The required answer is the data below, restated word for word with images omitted.

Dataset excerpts

===============

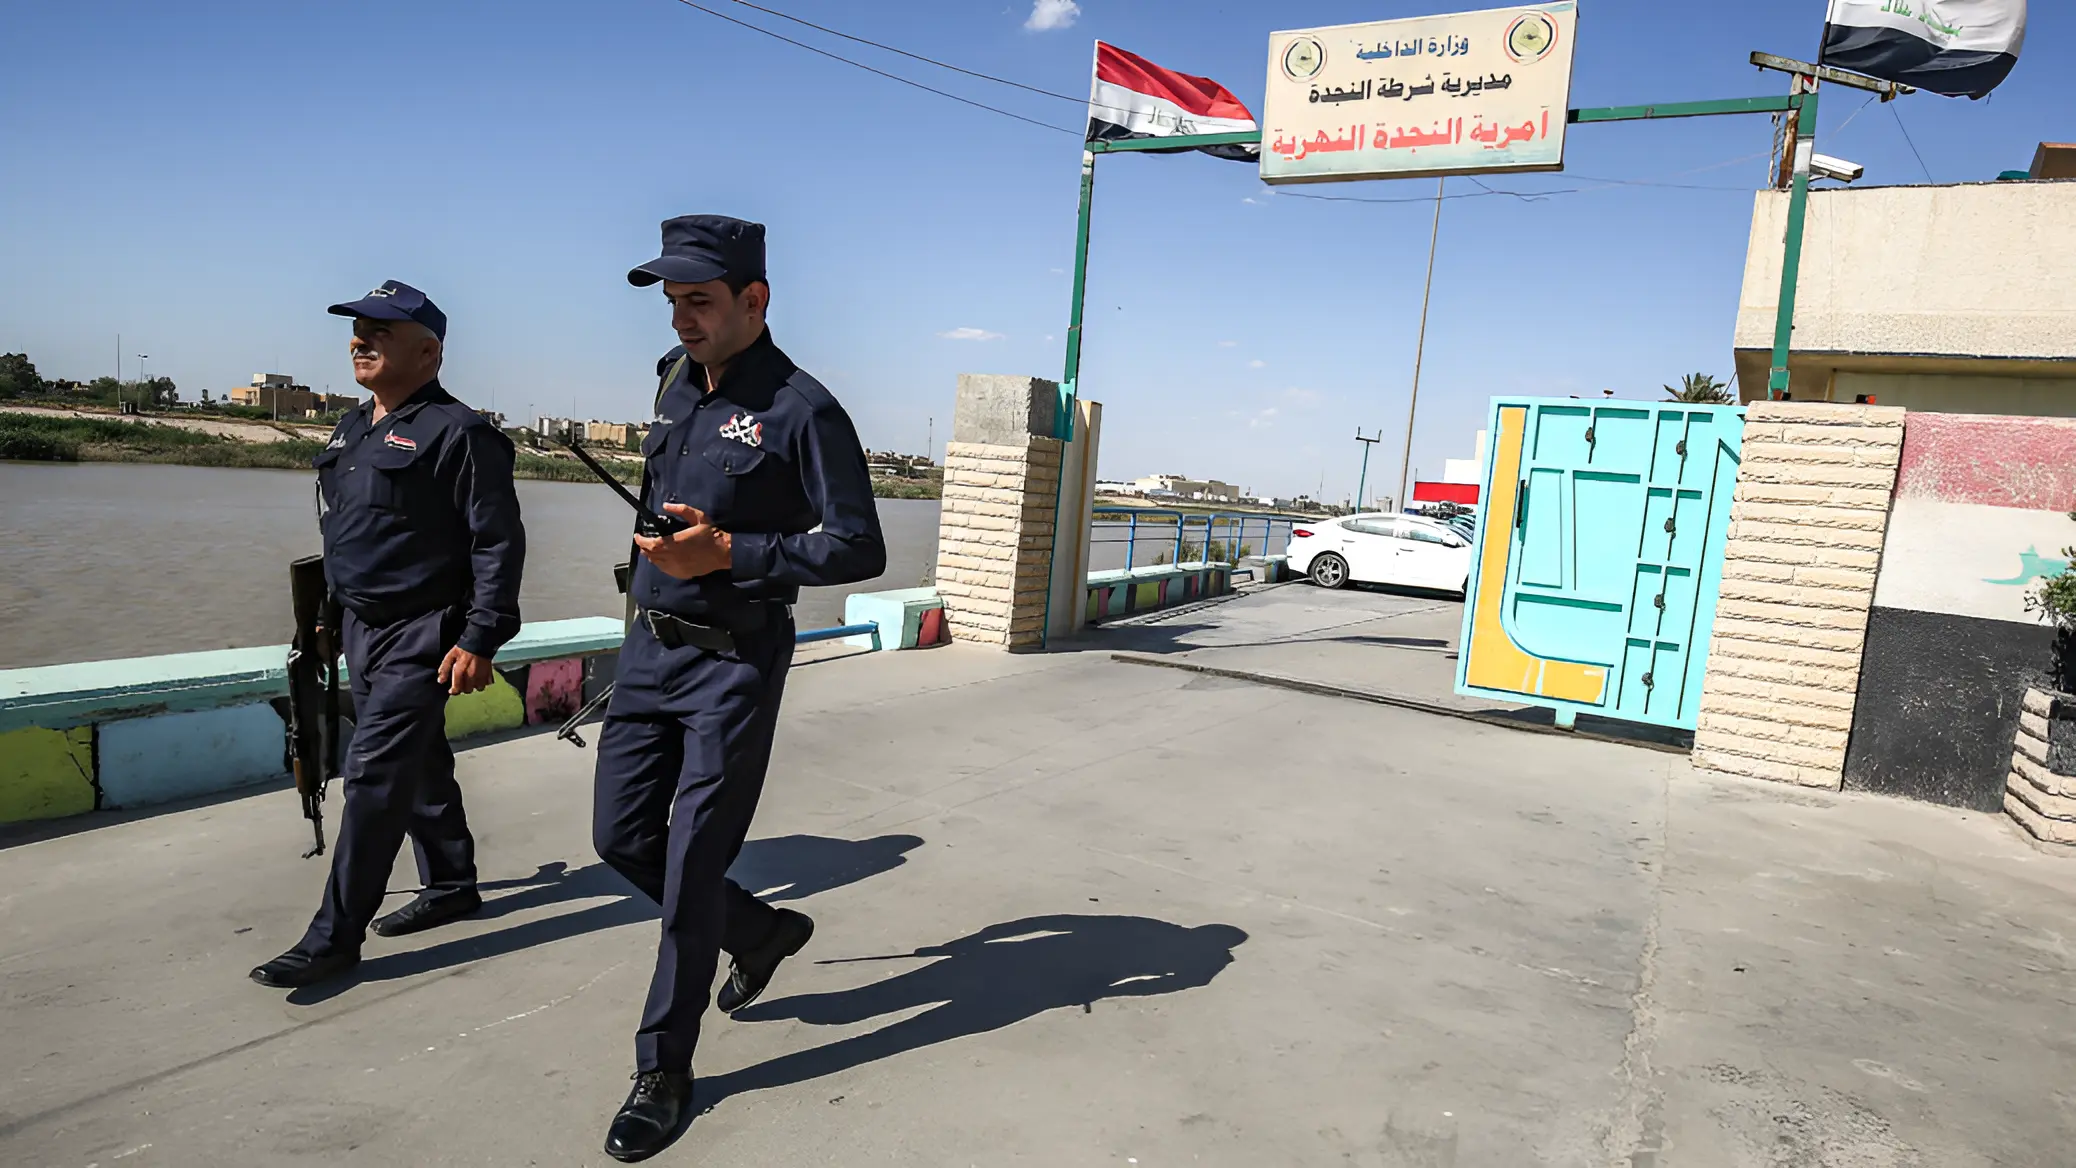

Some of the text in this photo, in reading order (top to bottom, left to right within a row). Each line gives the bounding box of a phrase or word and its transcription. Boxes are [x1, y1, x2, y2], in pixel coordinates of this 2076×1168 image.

[1356, 34, 1469, 64] وزارة الداخلية
[1309, 72, 1512, 106] مديرية شرطة النجدة
[1272, 124, 1365, 161] النهرية
[1373, 116, 1462, 153] النجدة

===============

Your solution ▸
Some of the text in this photo, in reading order (top to bottom, left to right within a row). Each line gives the bounding box of a phrase or word and its transcription. Boxes are [x1, y1, x2, y2], in pixel coordinates of this 2076×1168 image.

[1356, 34, 1469, 64] وزارة الداخلية
[1309, 72, 1512, 106] مديرية شرطة النجدة
[1272, 124, 1365, 161] النهرية
[1373, 116, 1462, 153] النجدة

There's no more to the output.